Efficient way to check high dimensional arrays are overlapped in two ndarray in Python

Question

For example, I have two ndarrays, the shape of train_dataset is (10000, 28, 28) and the shape of val_dateset is (2000, 28, 28).

Except for using iterations, is there any efficient way to use the numpy array functions to find the overlap between two ndarrays?

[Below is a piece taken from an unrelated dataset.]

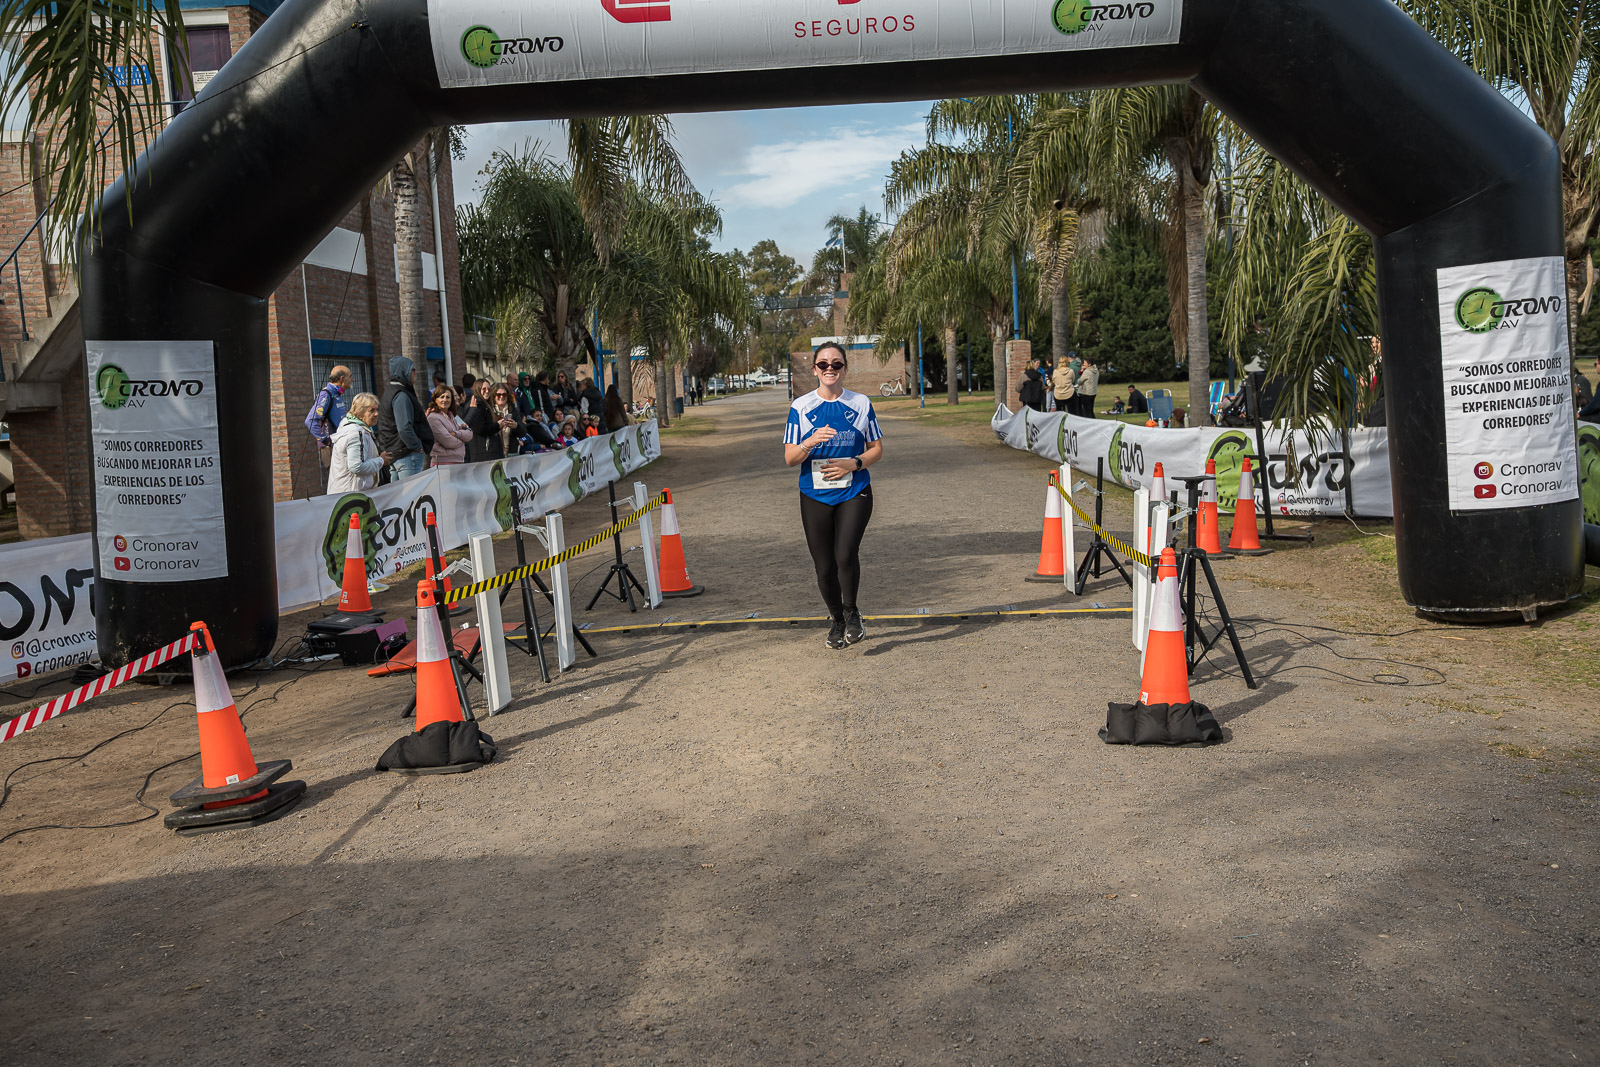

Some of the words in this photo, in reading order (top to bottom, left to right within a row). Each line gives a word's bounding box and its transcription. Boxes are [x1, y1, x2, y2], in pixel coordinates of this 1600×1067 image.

Could you explain exactly what you mean by "overlap"? Are you looking for the indices of rows that are found in both `train_dataset` and `val_dataset`? — ali_m, Jan 24 '16 at 19:46
Right, I want to find out the elements(28*28) that appear in both dataset. — Vicky, Jan 25 '16 at 01:48
If by any chance you're trying to _create_ training and validation datasets, you are much better off using scikit-learn's [cross_validation module](http://scikit-learn.org/stable/modules/cross_validation.html). — Praveen, Jan 25 '16 at 19:25

ali_m · Answer 1 · 2018-01-20T16:40:54.890

One trick I learnt from Jaime's excellent answer here is to use an np.void dtype in order to view each row in the input arrays as a single element. This allows you to treat them as 1D arrays, which can then be passed to np.in1d or one of the other set routines.

import numpy as np

def find_overlap(A, B):

    if not A.dtype == B.dtype:
        raise TypeError("A and B must have the same dtype")
    if not A.shape[1:] == B.shape[1:]:
        raise ValueError("the shapes of A and B must be identical apart from "
                         "the row dimension")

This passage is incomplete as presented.